Required work
Please set down each record exactly as it appears, but leave out any pictures.

Recorded information
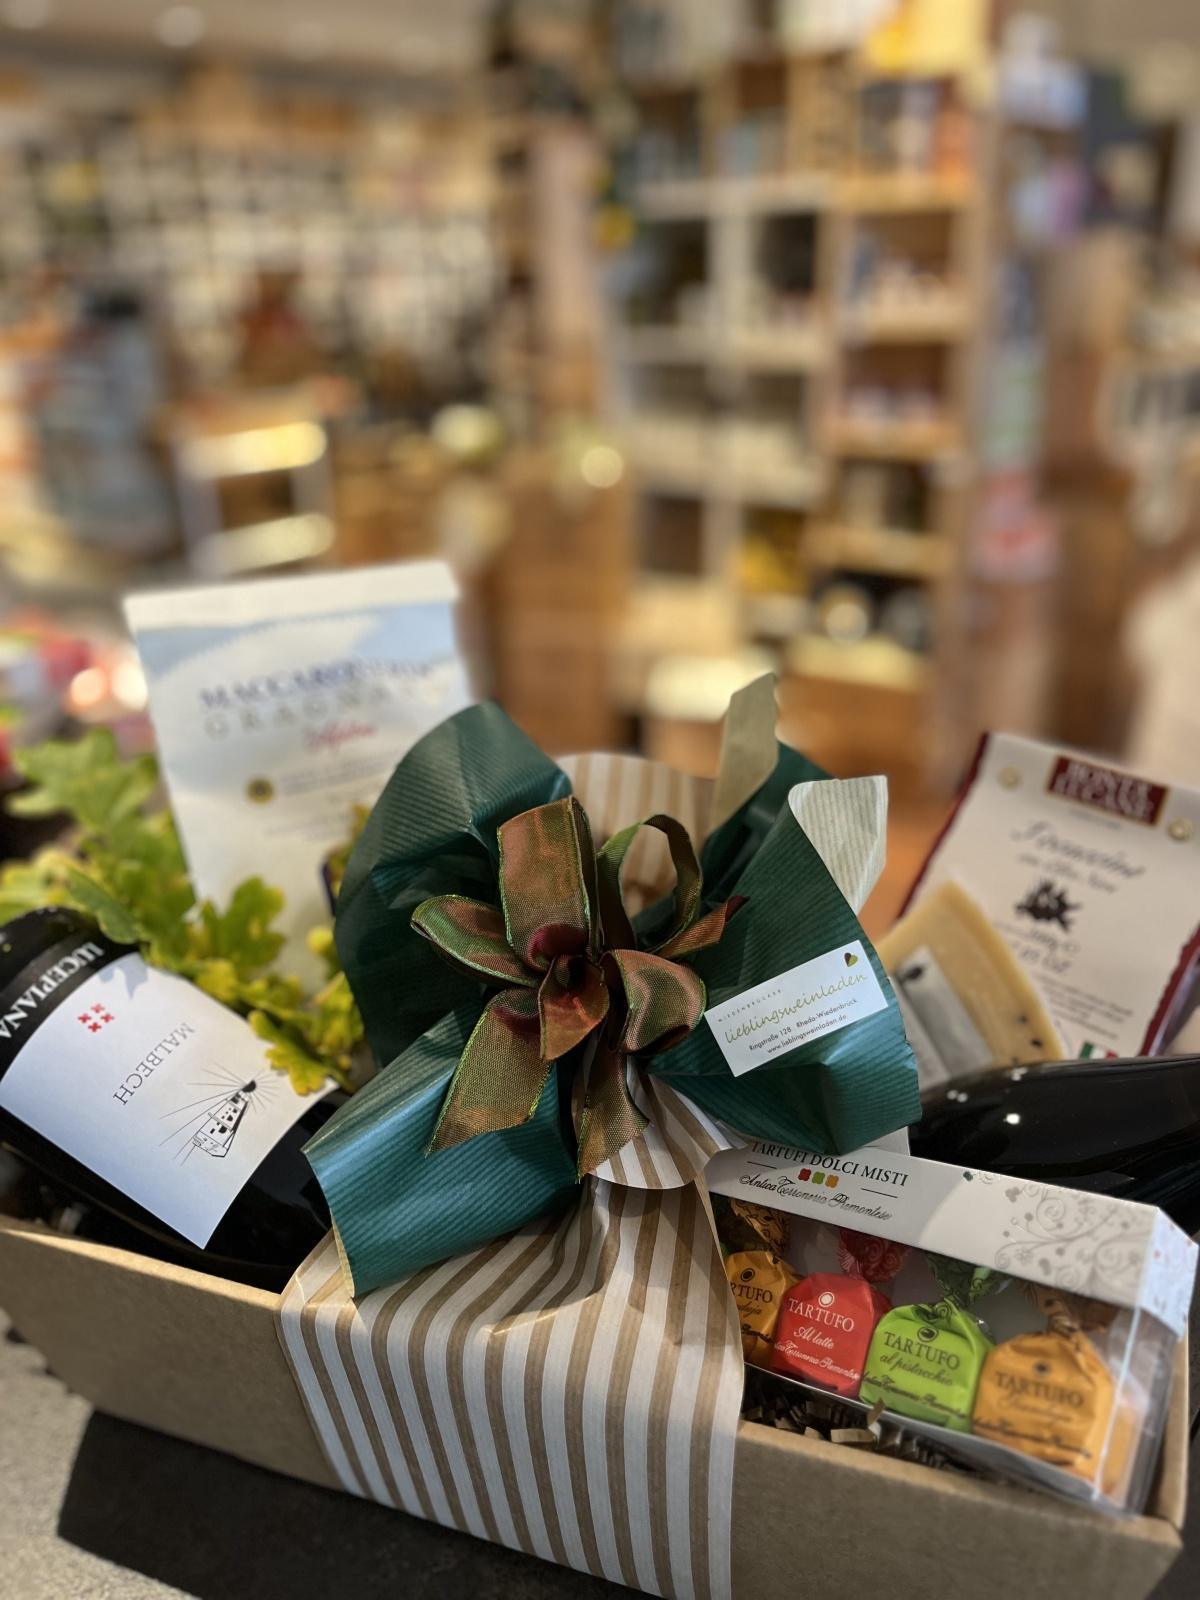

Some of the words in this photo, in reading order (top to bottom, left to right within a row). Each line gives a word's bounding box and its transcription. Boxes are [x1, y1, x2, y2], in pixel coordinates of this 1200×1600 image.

[725, 973, 868, 1043] lieblingsweinladen
[113, 1022, 196, 1105] MALBECH
[751, 1141, 806, 1164] TARTUFI
[809, 1153, 859, 1176] DOLCI
[860, 1165, 910, 1187] MISTI
[739, 1173, 777, 1191] Antica
[731, 1282, 773, 1304] RTUFO
[788, 1298, 855, 1332] TARTUFO
[812, 1331, 835, 1350] latte
[884, 1331, 960, 1370] TARTUFO
[880, 1352, 900, 1364] al
[889, 1357, 953, 1386] pistacchio
[995, 1370, 1085, 1407] TARTUFO

Response area
Some of the words in this photo, in reading order (top to bottom, left to right within a row). Each line gives a word's bounding box and its transcription. Boxes are [x1, y1, x2, y2], in pixel coordinates of this 1200×1600 image.

[725, 973, 868, 1043] lieblingsweinladen
[113, 1022, 196, 1105] MALBECH
[751, 1141, 806, 1164] TARTUFI
[809, 1153, 859, 1176] DOLCI
[860, 1165, 910, 1187] MISTI
[739, 1173, 777, 1191] Antica
[731, 1282, 773, 1304] RTUFO
[788, 1298, 855, 1332] TARTUFO
[812, 1331, 835, 1350] latte
[884, 1331, 960, 1370] TARTUFO
[880, 1352, 900, 1364] al
[889, 1357, 953, 1386] pistacchio
[995, 1370, 1085, 1407] TARTUFO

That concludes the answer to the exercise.